9. The preparation method of the high-damping slow recovery type thermoplastic elastomer according to claim 1, characterized in that:

the temperature of the single-screw extruder used in the second step is 150-;

the double-screw extruder used in the third step is a double-screw extruder with twelve barrel bodies, twelve 4 barrel bodies of the screw extruder are sequentially a first barrel body, a second barrel body, a third barrel body, a fourth barrel body, a fifth barrel body, a sixth barrel body, a seventh barrel body, an eighth barrel body, a ninth barrel body, a tenth barrel body, an eleventh barrel body and a twelfth barrel body from the front end to the rear end of the screw extruder, the temperature of the first barrel body is 170-, the temperature of the ninth cylinder is 140-150 ℃, the temperature of the tenth cylinder is 120-130 ℃, the temperature of the eleventh cylinder is 120-130 ℃, the temperature of the twelfth cylinder is 130-140 ℃, and the rotating speed of the double-screw extruder is 250-350 r/min.

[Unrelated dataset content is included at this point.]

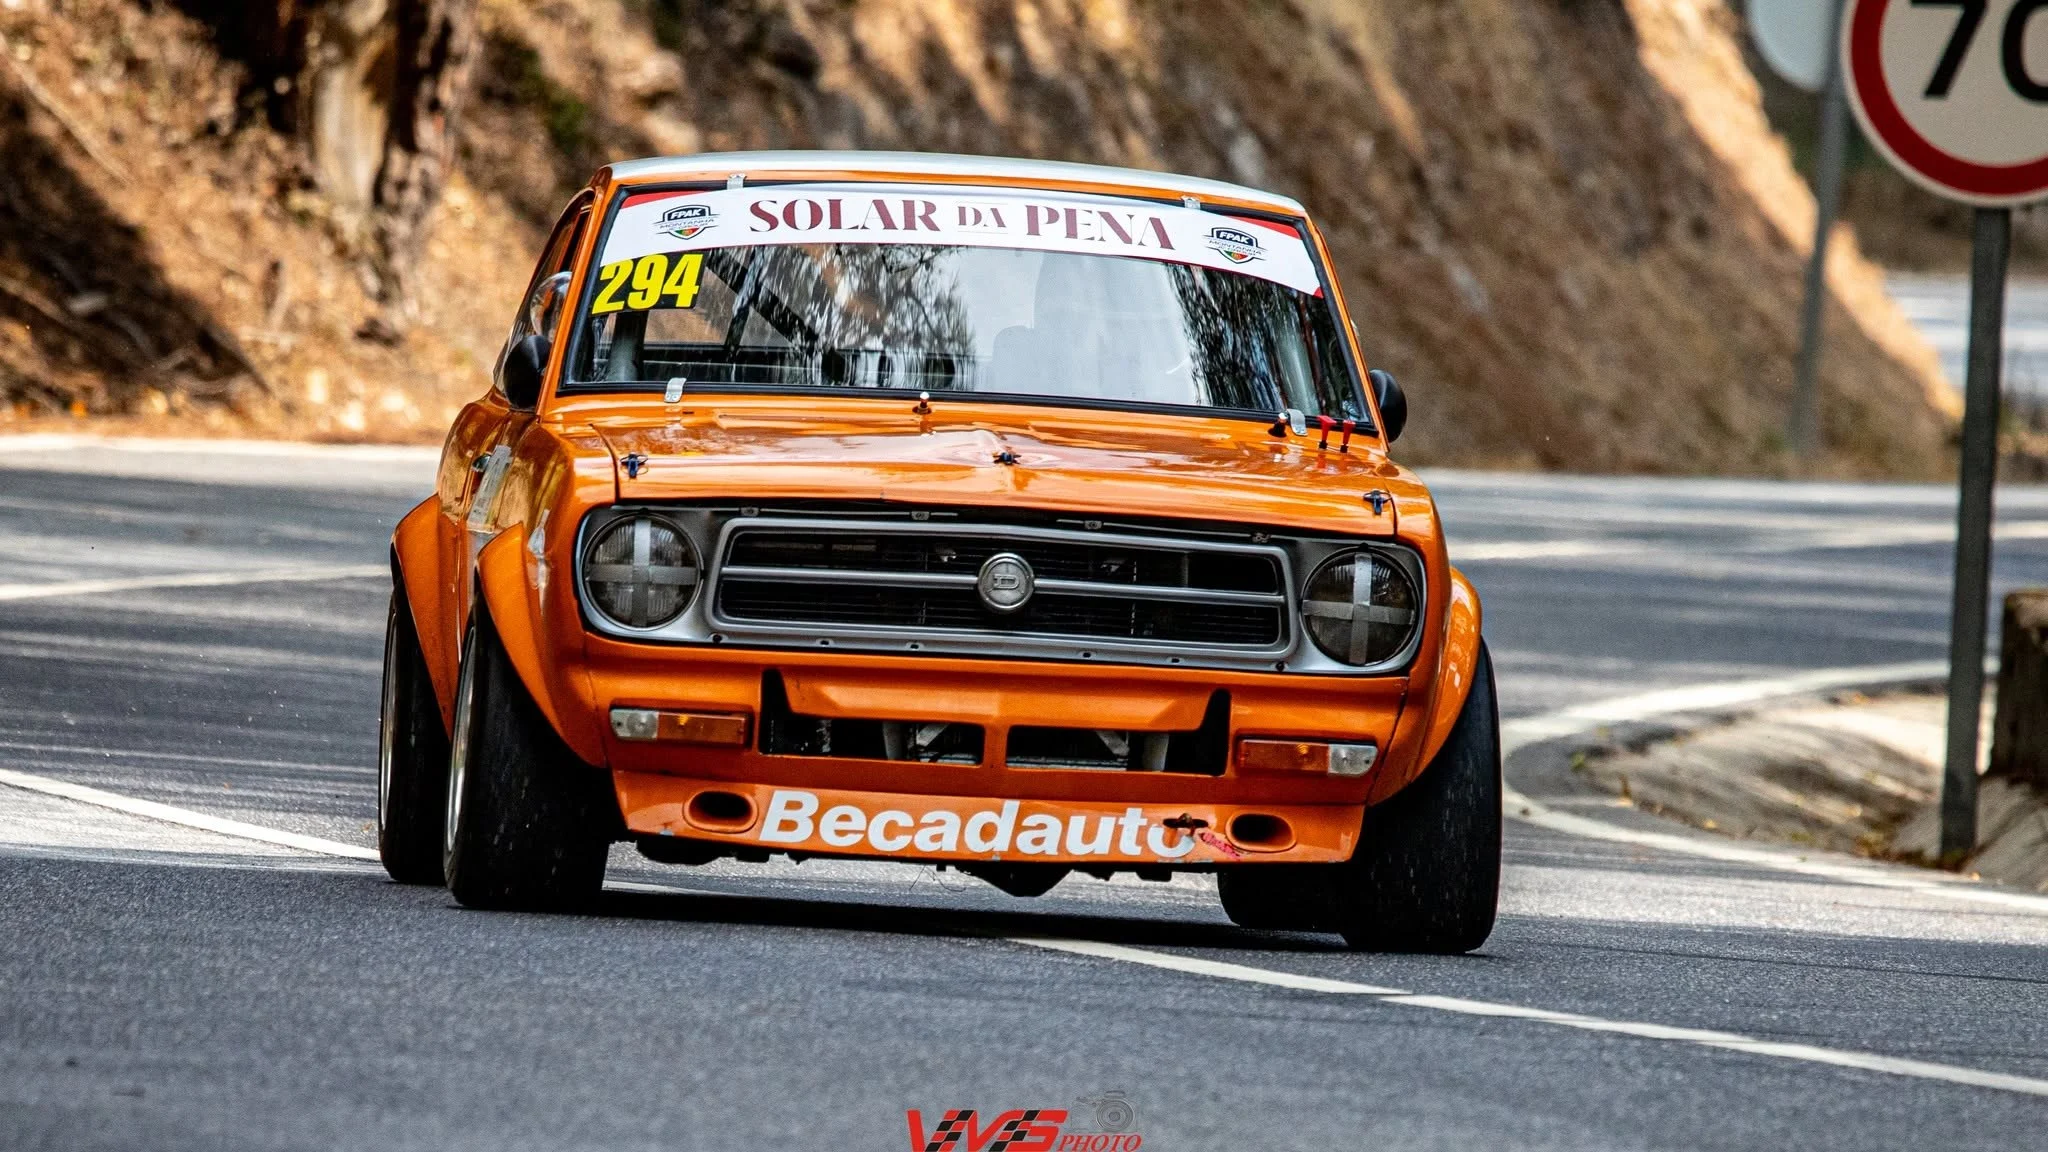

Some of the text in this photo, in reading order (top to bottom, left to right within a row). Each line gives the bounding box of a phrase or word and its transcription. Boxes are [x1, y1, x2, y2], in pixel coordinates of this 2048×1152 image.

10. The method for preparing the high-damping slow recovery type thermoplastic elastomer according to claim 9, wherein the method comprises the following steps: and (3) adding the mixture obtained in the step (II) and a styrene block copolymer, chlorinated polyethylene, a functional resin, a filling agent and petroleum resin into a first cylinder of the double-screw extruder, adding the functional resin into a fifth cylinder of the double-screw extruder, and adding a vulcanizing agent into an eighth cylinder of the double-screw extruder.